Problem requirements: Retype every entry exactly, down to the last character.

= Beginning of Section =

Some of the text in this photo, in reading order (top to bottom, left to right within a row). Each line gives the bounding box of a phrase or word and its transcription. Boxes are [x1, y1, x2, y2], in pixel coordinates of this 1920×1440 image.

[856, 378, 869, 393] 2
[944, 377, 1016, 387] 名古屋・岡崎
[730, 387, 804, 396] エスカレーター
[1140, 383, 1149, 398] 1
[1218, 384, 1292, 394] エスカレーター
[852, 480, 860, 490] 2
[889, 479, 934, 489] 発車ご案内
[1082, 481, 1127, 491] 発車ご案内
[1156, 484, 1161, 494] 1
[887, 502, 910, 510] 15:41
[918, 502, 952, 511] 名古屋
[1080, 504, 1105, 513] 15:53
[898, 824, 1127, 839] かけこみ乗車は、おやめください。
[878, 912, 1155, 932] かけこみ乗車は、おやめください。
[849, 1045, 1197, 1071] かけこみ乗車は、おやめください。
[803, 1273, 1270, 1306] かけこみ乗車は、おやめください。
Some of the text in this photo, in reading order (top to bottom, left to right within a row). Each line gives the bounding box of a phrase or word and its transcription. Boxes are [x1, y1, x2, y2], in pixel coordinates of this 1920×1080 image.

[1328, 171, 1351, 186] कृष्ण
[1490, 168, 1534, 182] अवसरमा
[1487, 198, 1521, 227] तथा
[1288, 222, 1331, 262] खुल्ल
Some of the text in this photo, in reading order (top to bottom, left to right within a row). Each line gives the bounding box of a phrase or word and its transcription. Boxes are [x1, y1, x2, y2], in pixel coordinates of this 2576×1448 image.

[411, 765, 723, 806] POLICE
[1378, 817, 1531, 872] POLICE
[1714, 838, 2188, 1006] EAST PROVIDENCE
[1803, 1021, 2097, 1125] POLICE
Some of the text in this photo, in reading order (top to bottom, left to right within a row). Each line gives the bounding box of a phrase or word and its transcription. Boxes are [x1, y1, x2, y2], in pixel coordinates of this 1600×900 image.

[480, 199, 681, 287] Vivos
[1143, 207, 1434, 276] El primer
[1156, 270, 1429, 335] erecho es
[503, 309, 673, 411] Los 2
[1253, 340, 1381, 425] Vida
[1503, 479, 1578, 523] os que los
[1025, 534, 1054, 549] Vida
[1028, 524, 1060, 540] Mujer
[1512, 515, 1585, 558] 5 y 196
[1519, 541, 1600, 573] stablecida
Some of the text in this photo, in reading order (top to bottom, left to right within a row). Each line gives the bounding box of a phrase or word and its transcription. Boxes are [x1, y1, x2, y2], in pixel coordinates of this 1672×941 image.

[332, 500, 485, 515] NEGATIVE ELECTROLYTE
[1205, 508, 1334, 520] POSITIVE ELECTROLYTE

= End of Section =

Completed task:
Some of the text in this photo, in reading order (top to bottom, left to right within a row). Each line gives the bounding box of a phrase or word and its transcription. Boxes are [x1, y1, x2, y2], in pixel coordinates of this 1920×1440 image.

[856, 378, 869, 393] 2
[944, 377, 1016, 387] 名古屋・岡崎
[730, 387, 804, 396] エスカレーター
[1140, 383, 1149, 398] 1
[1218, 384, 1292, 394] エスカレーター
[852, 480, 860, 490] 2
[889, 479, 934, 489] 発車ご案内
[1082, 481, 1127, 491] 発車ご案内
[1156, 484, 1161, 494] 1
[887, 502, 910, 510] 15:41
[918, 502, 952, 511] 名古屋
[1080, 504, 1105, 513] 15:53
[898, 824, 1127, 839] かけこみ乗車は、おやめください。
[878, 912, 1155, 932] かけこみ乗車は、おやめください。
[849, 1045, 1197, 1071] かけこみ乗車は、おやめください。
[803, 1273, 1270, 1306] かけこみ乗車は、おやめください。
Some of the text in this photo, in reading order (top to bottom, left to right within a row). Each line gives the bounding box of a phrase or word and its transcription. Boxes are [x1, y1, x2, y2], in pixel coordinates of this 1920×1080 image.

[1328, 171, 1351, 186] कृष्ण
[1490, 168, 1534, 182] अवसरमा
[1487, 198, 1521, 227] तथा
[1288, 222, 1331, 262] खुल्ल
Some of the text in this photo, in reading order (top to bottom, left to right within a row). Each line gives the bounding box of a phrase or word and its transcription. Boxes are [x1, y1, x2, y2], in pixel coordinates of this 2576×1448 image.

[411, 765, 723, 806] POLICE
[1378, 817, 1531, 872] POLICE
[1714, 838, 2188, 1006] EAST PROVIDENCE
[1803, 1021, 2097, 1125] POLICE
Some of the text in this photo, in reading order (top to bottom, left to right within a row). Each line gives the bounding box of a phrase or word and its transcription. Boxes are [x1, y1, x2, y2], in pixel coordinates of this 1600×900 image.

[480, 199, 681, 287] Vivos
[1143, 207, 1434, 276] El primer
[1156, 270, 1429, 335] erecho es
[503, 309, 673, 411] Los 2
[1253, 340, 1381, 425] Vida
[1503, 479, 1578, 523] os que los
[1025, 534, 1054, 549] Vida
[1028, 524, 1060, 540] Mujer
[1512, 515, 1585, 558] 5 y 196
[1519, 541, 1600, 573] stablecida
Some of the text in this photo, in reading order (top to bottom, left to right within a row). Each line gives the bounding box of a phrase or word and its transcription. Boxes are [x1, y1, x2, y2], in pixel coordinates of this 1672×941 image.

[332, 500, 485, 515] NEGATIVE ELECTROLYTE
[1205, 508, 1334, 520] POSITIVE ELECTROLYTE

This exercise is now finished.